Fulminante e feroce opera di denuncia di Kassovitz sul degrado urbano delle
periferie metropolitane francesi, teso e lucido, brutale e spietato, impaginato
in un bianco e nero allucinato che non concede alibi. Abbraccia la logica
brutale e manichea degli alienati protagonisti, “noi contro loro”, senza
compiacimenti, senza enfasi retorica, senza giudizio morale, senza condanna né
assoluzione, senza conformismo sociologico, ma limitandosi ad un asettico
realismo che lascia atterriti e che ci immerge completamente nel mondo barbaro
della banlieue.

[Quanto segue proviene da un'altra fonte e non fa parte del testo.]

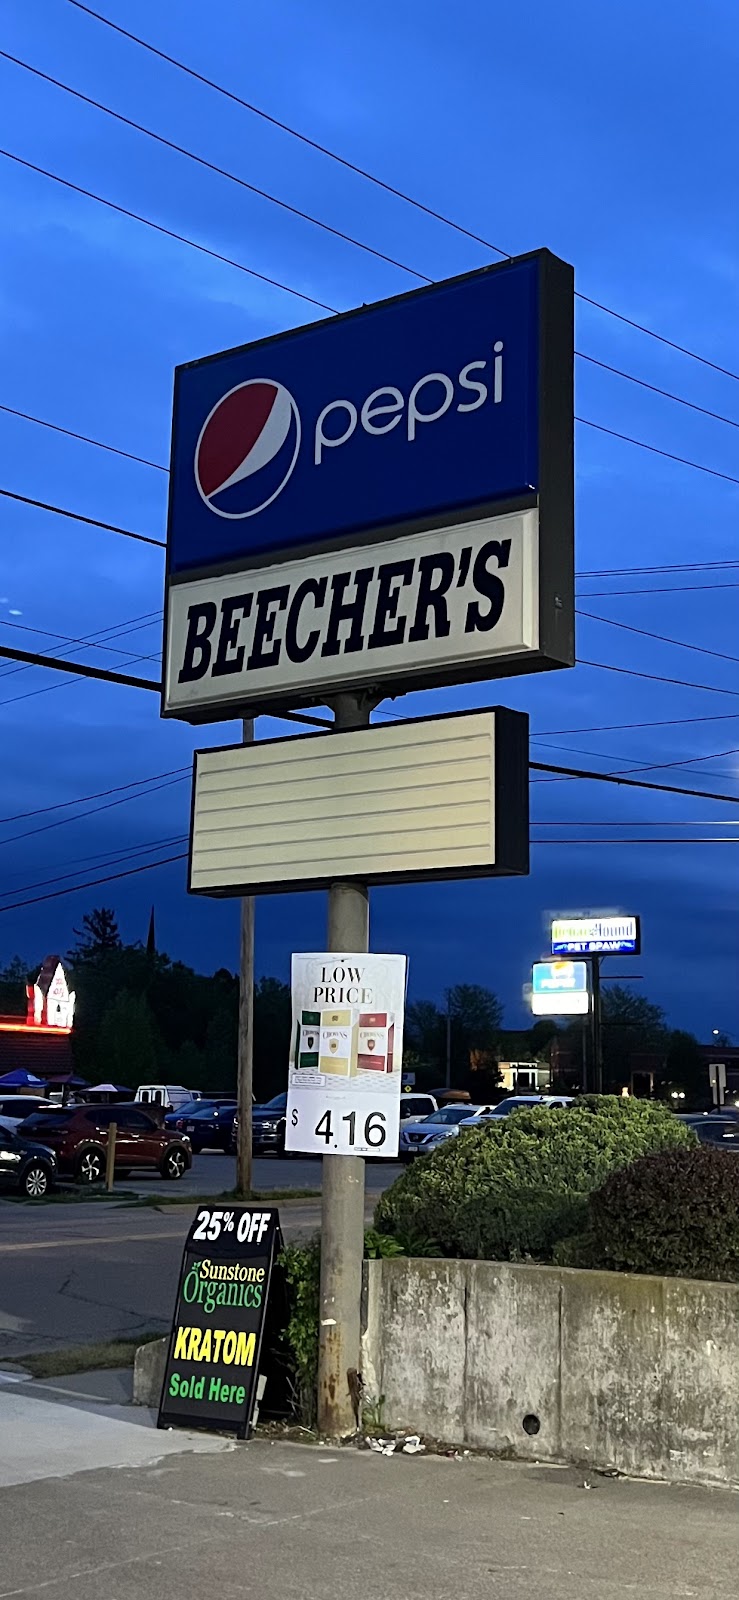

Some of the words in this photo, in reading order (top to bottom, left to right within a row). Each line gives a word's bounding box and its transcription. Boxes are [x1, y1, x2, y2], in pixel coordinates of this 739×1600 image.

Con numerosi omaggi
alla Nouvelle Vague ed al cinema
americano del primo Scorsese, l’autore ci consegna un intenso e lucido spaccato
sociale con la distanza della cronaca e l’adesione coraggiosa di chi intende
andare al cuore del problema, anche a costo di sporcarsi le mani. L’alto rigore
stilistico, l’estrema verosimiglianza delle ambientazioni, la durezza dei temi
trattati senza filtri, i dialoghi selvaggi e le eccellenti interpretazioni di
un cast perfetto, in cui svetta uno straordinario Vincent Cassel, in una
performance di alto vigore fisico ed emotivo, rendono questo film un manifesto
scioccante e scomodo di una gioventù allo sbando, ma anche di un grave problema
sociale che il potere evita accuratamente di affrontare in modo serio. Il
montaggio incessante, che procede a ritmo del rap eversivo che aleggia nella banlieue, ed i movimenti di macchina
frenetici, garantiscono la perfetta rappresentazione di un universo ai margini,
sotterraneo rispetto alla borghesia dei quartieri alti, nel suo procedere a
velocità diversa, con una costante accelerazione iperattiva, rispetto al resto
di quel mondo verso cui prova disprezzo. La splendida metafora, alla base del
film, dell’uomo che cade da un palazzo di 50 piani e che, ad ognuno di essi, si
ripete “tutto bene fino a qui”, è quella di una società di emarginati
condannati a precipitare, costretti a vivere la loro vita, inevitabilmente
segnata, a brevi tappe fittizie, senza domani, nella generale indifferenza
della gente “perbene” che preferisce voltarsi dall’altra parte. Il finale
ambiguo e sospeso è un ulteriore valore aggiunto, che dimostra il carisma e la personalità
del regista nell’affrontare un tema tanto scottante, col piglio del grande
narratore, che non si pone né su un piedistallo né nel fango dei suoi
protagonisti e che distribuisce vizi e virtù da entrambi i lati della
barricata. Questa controversa opera di culto degli anni ’90 fu insignita del
premio alla migliore regia al Festival del Cinema di Cannes. Nessun altro film
ha esplorato la realtà amara delle banlieue
con altrettanto rigore ed equilibrio, tramutando la rabbia dei protagonisti in corrosiva
denuncia sociale.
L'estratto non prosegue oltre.